Nuove Prospettive sulla Musica e la Demenza nel 2024
Negli ultimi anni, diversi studi hanno ulteriormente esplorato il potere terapeutico della musica per le persone affette da Alzheimer. La ricerca attuale ha rivelato che l’interazione musicale, come il canto e il ballo, può migliorare il benessere emotivo e ridurre i sintomi comportamentali. Un’analisi recente ha mostrato che i pazienti che partecipano a sessioni di musicoterapia riportano miglioramenti significativi nell’umore e nella socializzazione.
Inoltre, la musica può stimolare la produzione di dopamina, un neurotrasmettitore associato al piacere e alla ricompensa, contribuendo a una maggiore motivazione e coinvolgimento nei pazienti. Recenti statistiche indicano che il 70% dei pazienti con demenza ha mostrato miglioramenti misurabili in termini di interazione sociale dopo aver partecipato a programmi di musicoterapia.

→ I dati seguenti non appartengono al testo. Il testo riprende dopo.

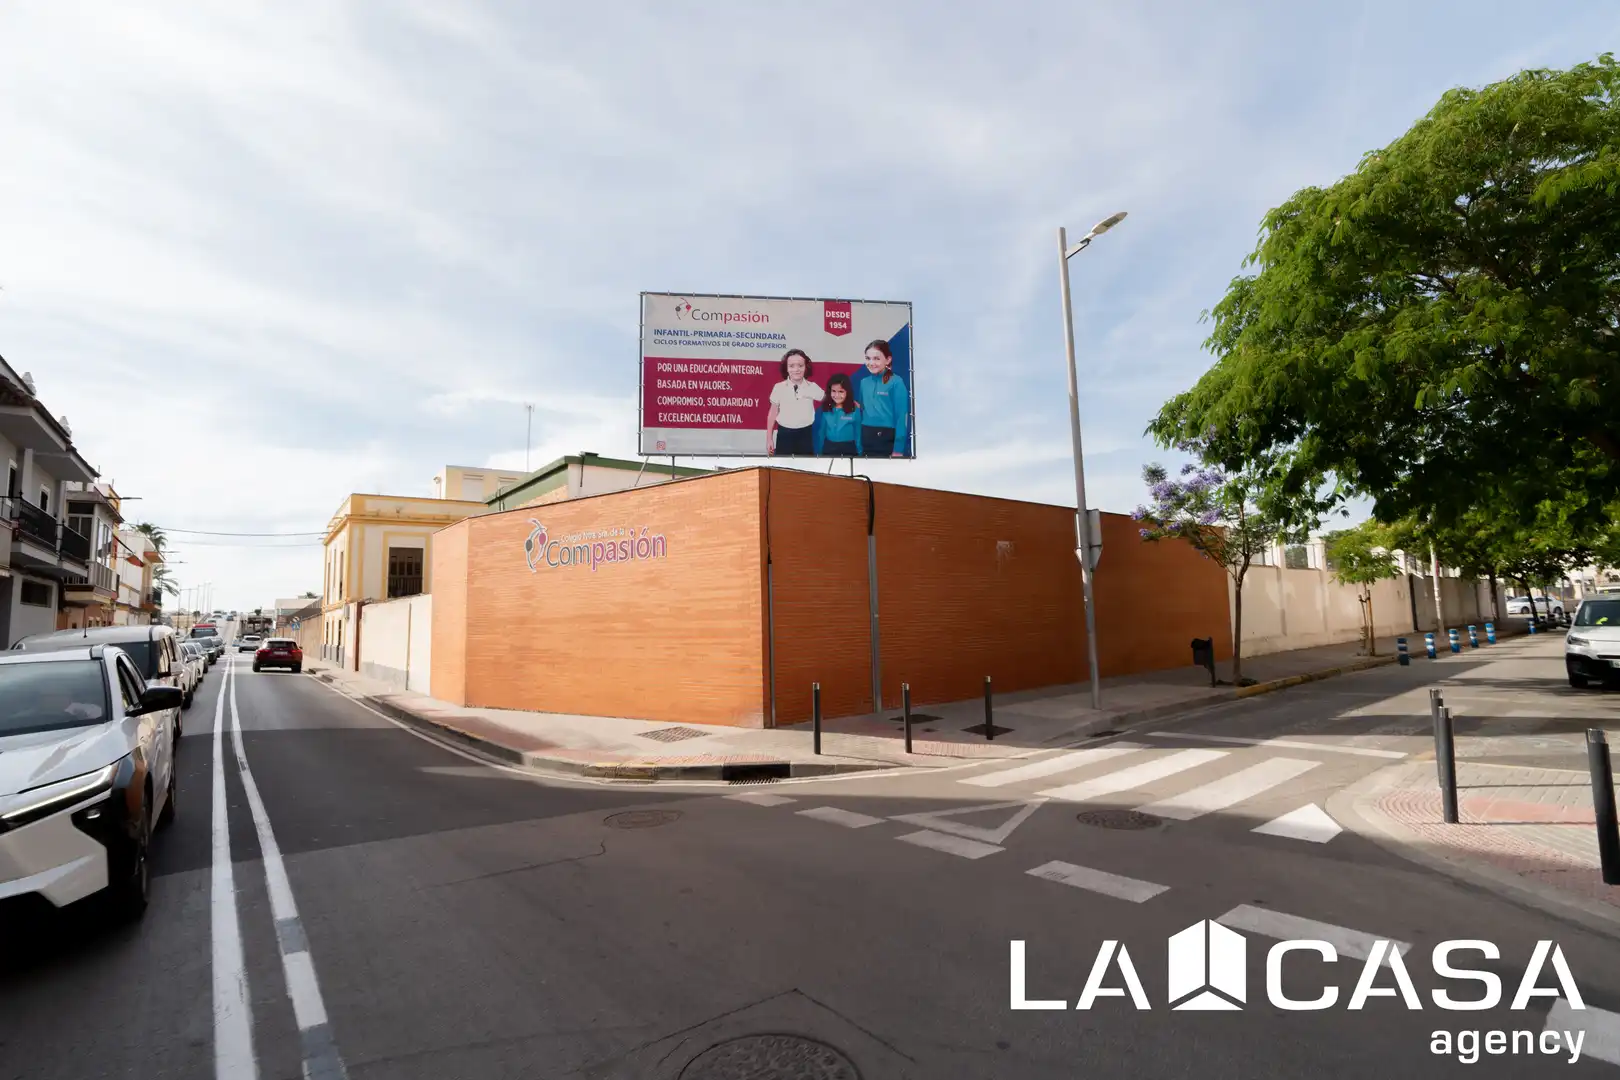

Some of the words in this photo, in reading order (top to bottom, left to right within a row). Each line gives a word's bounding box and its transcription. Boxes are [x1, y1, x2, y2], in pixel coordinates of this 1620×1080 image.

Le tecnologie moderne, come le app musicali personalizzate, stanno diventando strumenti sempre più importanti per i caregiver, che possono utilizzare playlist progettate per evocare ricordi e emozioni positive nei pazienti. Questo approccio innovativo non solo aiuta a gestire i sintomi dell’Alzheimer, ma promuove anche una connessione umana più profonda, migliorando la qualità della vita dei pazienti e dei loro familiari.